━━ Data
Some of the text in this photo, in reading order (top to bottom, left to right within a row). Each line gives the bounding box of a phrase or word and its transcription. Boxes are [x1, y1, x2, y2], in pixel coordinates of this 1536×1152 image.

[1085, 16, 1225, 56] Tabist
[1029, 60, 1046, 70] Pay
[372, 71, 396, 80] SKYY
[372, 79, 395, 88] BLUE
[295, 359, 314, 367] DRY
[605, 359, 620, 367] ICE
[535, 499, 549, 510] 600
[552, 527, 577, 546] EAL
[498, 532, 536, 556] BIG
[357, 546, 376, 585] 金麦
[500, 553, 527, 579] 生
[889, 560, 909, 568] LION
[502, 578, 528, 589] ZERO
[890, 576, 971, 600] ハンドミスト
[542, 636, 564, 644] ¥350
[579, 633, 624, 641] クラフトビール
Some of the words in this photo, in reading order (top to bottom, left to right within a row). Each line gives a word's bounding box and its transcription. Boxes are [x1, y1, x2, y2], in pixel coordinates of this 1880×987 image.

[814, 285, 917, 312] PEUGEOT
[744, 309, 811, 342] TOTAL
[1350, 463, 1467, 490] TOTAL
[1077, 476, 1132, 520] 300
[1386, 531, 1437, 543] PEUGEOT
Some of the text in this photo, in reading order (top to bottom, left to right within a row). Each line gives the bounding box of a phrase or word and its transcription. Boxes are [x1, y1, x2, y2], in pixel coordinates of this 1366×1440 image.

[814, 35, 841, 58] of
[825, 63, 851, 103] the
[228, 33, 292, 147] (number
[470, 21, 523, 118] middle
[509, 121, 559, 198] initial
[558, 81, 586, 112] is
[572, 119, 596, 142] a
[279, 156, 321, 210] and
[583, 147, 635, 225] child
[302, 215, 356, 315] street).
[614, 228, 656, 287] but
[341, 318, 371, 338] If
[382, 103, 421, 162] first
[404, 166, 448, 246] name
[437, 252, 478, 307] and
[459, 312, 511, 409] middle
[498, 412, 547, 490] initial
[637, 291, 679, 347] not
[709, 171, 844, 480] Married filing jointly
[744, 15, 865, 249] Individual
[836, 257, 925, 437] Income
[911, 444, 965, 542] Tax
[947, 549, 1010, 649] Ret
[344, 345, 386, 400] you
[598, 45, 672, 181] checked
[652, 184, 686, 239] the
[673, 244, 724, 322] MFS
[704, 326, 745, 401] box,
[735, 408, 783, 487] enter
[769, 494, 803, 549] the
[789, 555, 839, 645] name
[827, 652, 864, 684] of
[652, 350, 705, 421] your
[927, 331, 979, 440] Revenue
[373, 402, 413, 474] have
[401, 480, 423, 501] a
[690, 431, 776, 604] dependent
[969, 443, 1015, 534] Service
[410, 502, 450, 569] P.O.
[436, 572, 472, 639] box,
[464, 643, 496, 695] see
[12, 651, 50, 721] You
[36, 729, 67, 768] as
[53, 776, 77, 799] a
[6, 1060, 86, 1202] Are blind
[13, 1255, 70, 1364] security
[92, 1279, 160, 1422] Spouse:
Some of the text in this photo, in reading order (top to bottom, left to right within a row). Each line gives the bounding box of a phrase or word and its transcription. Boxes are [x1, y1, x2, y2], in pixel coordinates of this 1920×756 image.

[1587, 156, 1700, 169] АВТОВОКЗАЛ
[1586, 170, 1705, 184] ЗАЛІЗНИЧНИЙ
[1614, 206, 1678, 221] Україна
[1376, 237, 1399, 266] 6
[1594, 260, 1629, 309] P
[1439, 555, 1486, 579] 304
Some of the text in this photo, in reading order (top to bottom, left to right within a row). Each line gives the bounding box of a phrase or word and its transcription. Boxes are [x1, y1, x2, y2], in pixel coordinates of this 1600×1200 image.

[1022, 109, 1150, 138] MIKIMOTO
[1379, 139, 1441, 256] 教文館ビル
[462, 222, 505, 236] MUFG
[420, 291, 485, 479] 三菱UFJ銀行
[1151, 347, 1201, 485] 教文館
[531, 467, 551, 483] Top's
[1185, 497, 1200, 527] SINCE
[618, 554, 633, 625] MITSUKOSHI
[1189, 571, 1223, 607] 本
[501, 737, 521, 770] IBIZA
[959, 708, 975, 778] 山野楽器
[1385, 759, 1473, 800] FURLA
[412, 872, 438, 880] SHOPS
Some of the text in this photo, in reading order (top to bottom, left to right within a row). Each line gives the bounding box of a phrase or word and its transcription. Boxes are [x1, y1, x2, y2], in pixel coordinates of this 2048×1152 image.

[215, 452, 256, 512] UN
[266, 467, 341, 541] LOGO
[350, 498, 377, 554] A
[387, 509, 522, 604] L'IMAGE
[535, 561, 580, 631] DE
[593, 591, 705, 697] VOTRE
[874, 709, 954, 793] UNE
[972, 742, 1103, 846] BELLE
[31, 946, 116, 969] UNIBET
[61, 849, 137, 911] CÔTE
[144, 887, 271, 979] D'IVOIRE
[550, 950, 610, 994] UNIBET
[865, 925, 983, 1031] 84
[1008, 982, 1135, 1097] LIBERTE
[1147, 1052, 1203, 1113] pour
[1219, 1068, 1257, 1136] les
━━━━
• Your instructions
Print the material in full. Keep it exactly as it is.

• Task response
Some of the text in this photo, in reading order (top to bottom, left to right within a row). Each line gives the bounding box of a phrase or word and its transcription. Boxes are [x1, y1, x2, y2], in pixel coordinates of this 1536×1152 image.

[1085, 16, 1225, 56] Tabist
[1029, 60, 1046, 70] Pay
[372, 71, 396, 80] SKYY
[372, 79, 395, 88] BLUE
[295, 359, 314, 367] DRY
[605, 359, 620, 367] ICE
[535, 499, 549, 510] 600
[552, 527, 577, 546] EAL
[498, 532, 536, 556] BIG
[357, 546, 376, 585] 金麦
[500, 553, 527, 579] 生
[889, 560, 909, 568] LION
[502, 578, 528, 589] ZERO
[890, 576, 971, 600] ハンドミスト
[542, 636, 564, 644] ¥350
[579, 633, 624, 641] クラフトビール
Some of the words in this photo, in reading order (top to bottom, left to right within a row). Each line gives a word's bounding box and its transcription. Boxes are [x1, y1, x2, y2], in pixel coordinates of this 1880×987 image.

[814, 285, 917, 312] PEUGEOT
[744, 309, 811, 342] TOTAL
[1350, 463, 1467, 490] TOTAL
[1077, 476, 1132, 520] 300
[1386, 531, 1437, 543] PEUGEOT
Some of the text in this photo, in reading order (top to bottom, left to right within a row). Each line gives the bounding box of a phrase or word and its transcription. Boxes are [x1, y1, x2, y2], in pixel coordinates of this 1366×1440 image.

[814, 35, 841, 58] of
[825, 63, 851, 103] the
[228, 33, 292, 147] (number
[470, 21, 523, 118] middle
[509, 121, 559, 198] initial
[558, 81, 586, 112] is
[572, 119, 596, 142] a
[279, 156, 321, 210] and
[583, 147, 635, 225] child
[302, 215, 356, 315] street).
[614, 228, 656, 287] but
[341, 318, 371, 338] If
[382, 103, 421, 162] first
[404, 166, 448, 246] name
[437, 252, 478, 307] and
[459, 312, 511, 409] middle
[498, 412, 547, 490] initial
[637, 291, 679, 347] not
[709, 171, 844, 480] Married filing jointly
[744, 15, 865, 249] Individual
[836, 257, 925, 437] Income
[911, 444, 965, 542] Tax
[947, 549, 1010, 649] Ret
[344, 345, 386, 400] you
[598, 45, 672, 181] checked
[652, 184, 686, 239] the
[673, 244, 724, 322] MFS
[704, 326, 745, 401] box,
[735, 408, 783, 487] enter
[769, 494, 803, 549] the
[789, 555, 839, 645] name
[827, 652, 864, 684] of
[652, 350, 705, 421] your
[927, 331, 979, 440] Revenue
[373, 402, 413, 474] have
[401, 480, 423, 501] a
[690, 431, 776, 604] dependent
[969, 443, 1015, 534] Service
[410, 502, 450, 569] P.O.
[436, 572, 472, 639] box,
[464, 643, 496, 695] see
[12, 651, 50, 721] You
[36, 729, 67, 768] as
[53, 776, 77, 799] a
[6, 1060, 86, 1202] Are blind
[13, 1255, 70, 1364] security
[92, 1279, 160, 1422] Spouse:
Some of the text in this photo, in reading order (top to bottom, left to right within a row). Each line gives the bounding box of a phrase or word and its transcription. Boxes are [x1, y1, x2, y2], in pixel coordinates of this 1920×756 image.

[1587, 156, 1700, 169] АВТОВОКЗАЛ
[1586, 170, 1705, 184] ЗАЛІЗНИЧНИЙ
[1614, 206, 1678, 221] Україна
[1376, 237, 1399, 266] 6
[1594, 260, 1629, 309] P
[1439, 555, 1486, 579] 304
Some of the text in this photo, in reading order (top to bottom, left to right within a row). Each line gives the bounding box of a phrase or word and its transcription. Boxes are [x1, y1, x2, y2], in pixel coordinates of this 1600×1200 image.

[1022, 109, 1150, 138] MIKIMOTO
[1379, 139, 1441, 256] 教文館ビル
[462, 222, 505, 236] MUFG
[420, 291, 485, 479] 三菱UFJ銀行
[1151, 347, 1201, 485] 教文館
[531, 467, 551, 483] Top's
[1185, 497, 1200, 527] SINCE
[618, 554, 633, 625] MITSUKOSHI
[1189, 571, 1223, 607] 本
[501, 737, 521, 770] IBIZA
[959, 708, 975, 778] 山野楽器
[1385, 759, 1473, 800] FURLA
[412, 872, 438, 880] SHOPS
Some of the text in this photo, in reading order (top to bottom, left to right within a row). Each line gives the bounding box of a phrase or word and its transcription. Boxes are [x1, y1, x2, y2], in pixel coordinates of this 2048×1152 image.

[215, 452, 256, 512] UN
[266, 467, 341, 541] LOGO
[350, 498, 377, 554] A
[387, 509, 522, 604] L'IMAGE
[535, 561, 580, 631] DE
[593, 591, 705, 697] VOTRE
[874, 709, 954, 793] UNE
[972, 742, 1103, 846] BELLE
[31, 946, 116, 969] UNIBET
[61, 849, 137, 911] CÔTE
[144, 887, 271, 979] D'IVOIRE
[550, 950, 610, 994] UNIBET
[865, 925, 983, 1031] 84
[1008, 982, 1135, 1097] LIBERTE
[1147, 1052, 1203, 1113] pour
[1219, 1068, 1257, 1136] les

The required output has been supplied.